In [1]:
import openai

import os

import pandas as pd

import random

In [2]:
openai.api_key = os.getenv("OPENAI_API_KEY")

In [3]:
def query_openai(model, prompt, max_tokens, temperature):
    response = openai.Completion.create(
        model=model,
        prompt=prompt,
        temperature=temperature,
        max_tokens=max_tokens,
        top_p=1,
        frequency_penalty=0,
        presence_penalty=0,
    )

    return response['choices'][0]['text']

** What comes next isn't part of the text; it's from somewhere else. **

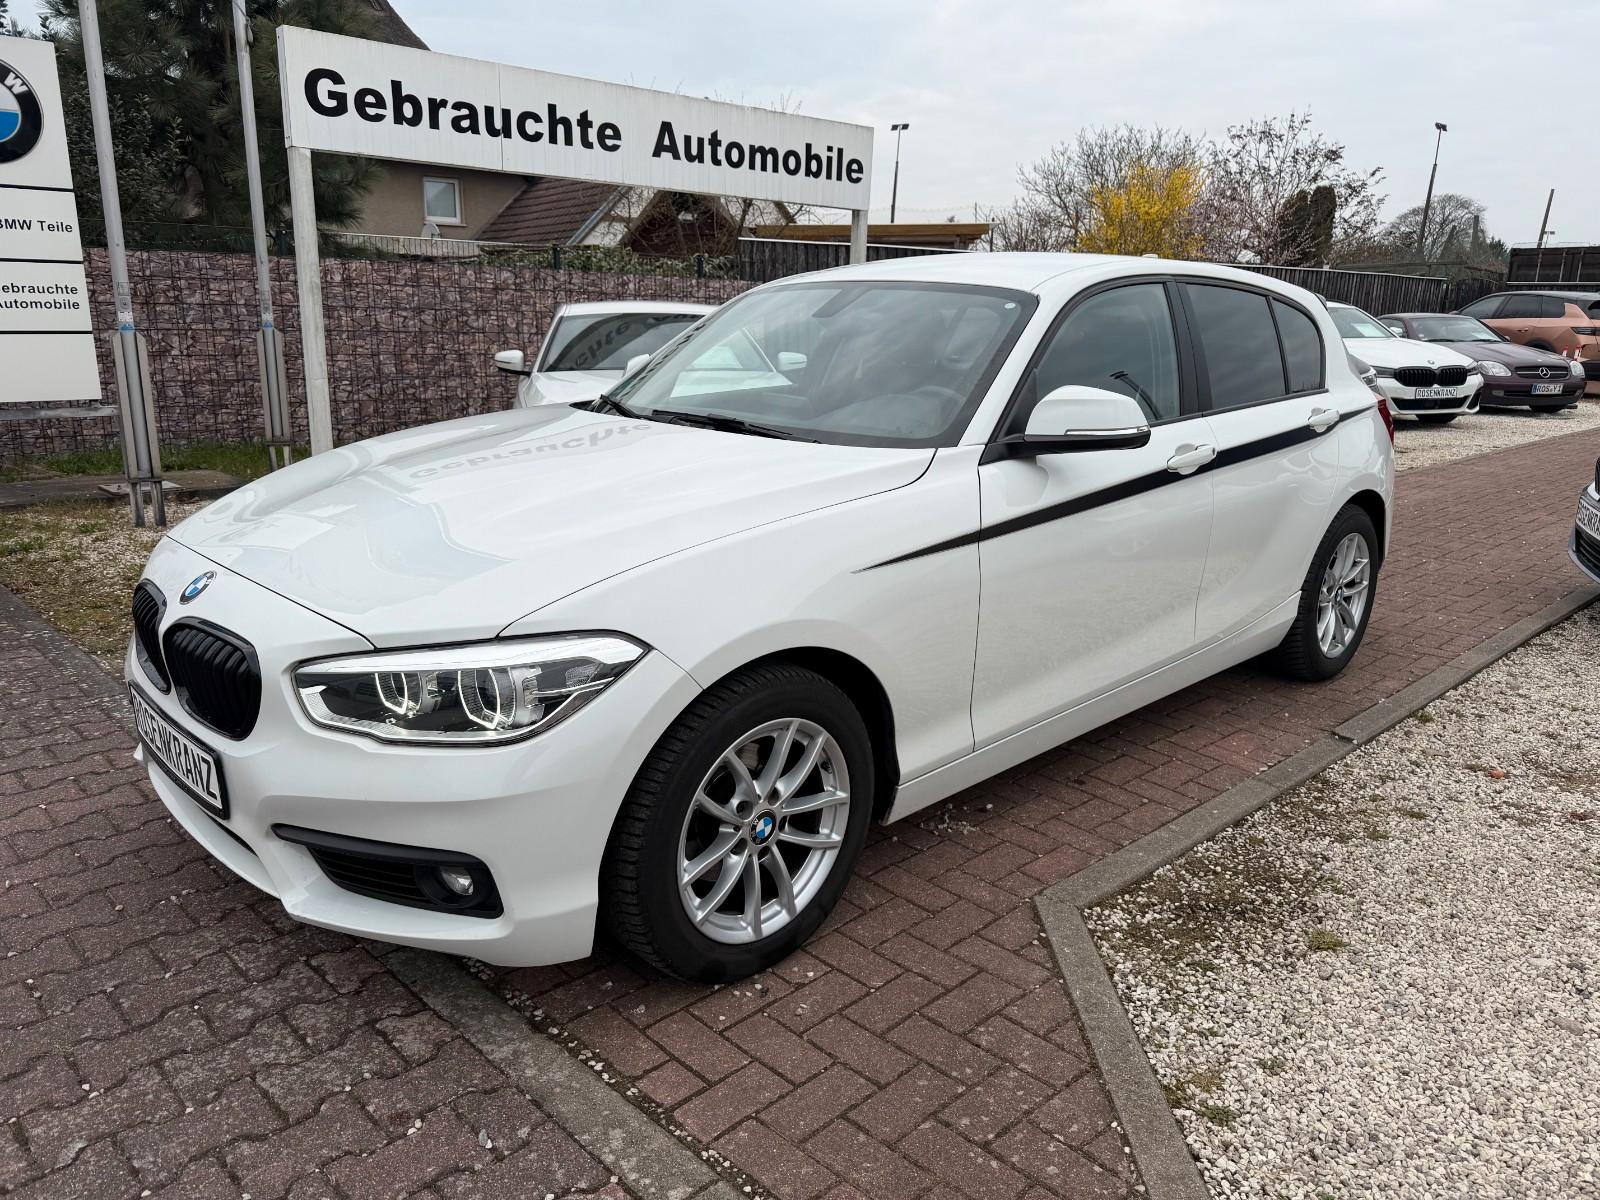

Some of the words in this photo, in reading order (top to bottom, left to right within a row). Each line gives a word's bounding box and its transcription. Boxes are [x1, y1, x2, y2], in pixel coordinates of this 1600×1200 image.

query_openai('text-davinci-003', 'Adobe, empowering the world through', 3, 0.7)

' digital experiences\n'

### Load data from the CFT paper, and group test cases into two categories: warm vs. cold cities

In [4]:
CITIES_DATA = os.path.join(os.getcwd(), 'compositional-fine-tuning', 'data', 'testing', 'cities_domain', 'test_data_cities.csv')

In [5]:
df_cities = pd.read_csv(CITIES_DATA, index_col=0)

df_cities.head()

Unnamed: 0,city,country,continent,avg_temp,pop
1,Belize City,Belize,North America,26.7(80.1),0.1
2,Hamilton,Bermuda,North America,22.3(72.1),0.1
3,Calgary,Canada,North America,4.4(39.9),1.2
5,Halifax,Canada,North America,7.5(45.5),0.4
7,Ottawa,Canada,North America,6.6(43.9),1.0


In [6]:
WARM_THRESHOLD = 20
COLD_THRESHOLD = 10

warm_cities = [f"{row[1]['city']}, {row[1]['country']}" for row in df_cities.iterrows()\
               if float(row[1]['avg_temp'].split('(')[0].replace('−','-')) >= 20]

cold_cities = [f"{row[1]['city']}, {row[1]['country']}" for row in df_cities.iterrows()\
               if float(row[1]['avg_temp'].split('(')[0].replace('−','-')) <= 10]

len(warm_cities), len(cold_cities)

(112, 39)

In [7]:
warm_cities = random.sample(warm_cities, len(cold_cities))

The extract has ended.